10The Beck’s interpretation finds an objective correspondence just in today’s structuration of social systems deriving from the modern General System Theory (see paragraph 3). The non banality attributed to systems behavior of the New Theory of Complex Systems, the concepts of self organization, emergence and surprise and of operational closure are particularly adaptable to his representation of the working and evolution mechanisms of intimate couple life, where couple-system shows to behave like a complex system. From this perspective, the adjective ‘complex’ is used to represent the condition of systems which are in an intermediate position between complete order and complete disorder, on the edge of chaos, as it is usually defined, or, equivalently, far from equilibrium (entropy). In this condition they are able to adapt to continuous external disturbance deriving from the environment, and they are able to continuously transform by self-organizing, producing ever new orders, even if in terms of emergent, unexpected, surprising, unforeseen, and unpredictable outcomes, as a macro result of non-linear micro interaction processes, among the system parts. This unpredictability of possible scenarios corresponds to uncertainty of relationship outcomes which Beck described.

11A machine is banal if at the same input ever there is the same output, due to a linear and univocal relationship between cause and effect.
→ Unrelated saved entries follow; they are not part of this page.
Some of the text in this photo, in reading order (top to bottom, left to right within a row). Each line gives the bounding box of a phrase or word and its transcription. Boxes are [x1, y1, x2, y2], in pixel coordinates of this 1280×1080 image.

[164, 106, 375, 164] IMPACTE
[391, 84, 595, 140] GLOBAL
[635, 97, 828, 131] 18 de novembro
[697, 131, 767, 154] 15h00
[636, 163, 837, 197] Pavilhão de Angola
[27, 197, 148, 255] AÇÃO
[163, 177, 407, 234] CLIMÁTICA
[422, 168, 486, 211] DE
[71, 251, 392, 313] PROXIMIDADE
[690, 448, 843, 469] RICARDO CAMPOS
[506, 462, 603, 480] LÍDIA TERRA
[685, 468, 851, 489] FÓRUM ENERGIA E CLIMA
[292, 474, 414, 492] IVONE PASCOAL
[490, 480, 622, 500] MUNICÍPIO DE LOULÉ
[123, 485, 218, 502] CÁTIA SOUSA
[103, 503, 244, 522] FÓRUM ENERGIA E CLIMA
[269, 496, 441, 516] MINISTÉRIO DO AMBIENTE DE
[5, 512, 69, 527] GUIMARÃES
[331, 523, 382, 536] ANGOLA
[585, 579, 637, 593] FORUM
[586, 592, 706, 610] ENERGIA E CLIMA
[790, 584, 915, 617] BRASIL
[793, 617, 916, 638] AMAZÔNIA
In a non-banal machine the output which it produces depends not just on input, but also on internal state of machine itself. From the Autopoiesis Theory perspective, the system’s structure has, therefore, within itself the rules of its own transformation. At the same input or perturbation there can be different outputs (or system behaviors), according to the internal state of the machine (i.e. the structure it had before being disrupted). There are some differences in terminology between the Autopoiesis Theory, and all approaches which on the whole constitute Complexity Theory, such as the Theory of Adaptive Systems and Dissipative Structure Theory. What these latter call organization, or the pattern of interactions among the elements or components constituting the system, is called structure. Instead, organization is considered the set of relationships among the elements that define the system’s identity―its essential characteristics which cannot be lacking. The organization may take on different types of structures, different patterns of interaction that the system can take over without, however, losing its identity or organization. The structure is the physical materialization of the organization, the set of components and interactions that it tangibly produces. From this perspective, ontogenesis is the process of the system’s structural change (equivalent to what is called process of self-organization in the other two theories) that takes place without the loss of system identity or organization.

12Kendall’s Tau c coefficient, whose formula is τc = 4(ad − bc)/N2, is a more reliable test than ϕ coefficient for measurement of relationship between two dichotomous variables with balanced as well as unbalanced frequencies. Indeed, it has been shown that the more unbalanced the frequencies of a diagonal in 2 × 2 table are (therefore, the lower is the variance of each dichotomy), the less reliable the phi values are, overestimating the existence of a relationship among variables which instead is not there or is weak. If the frequencies are balanced τc = ϕ.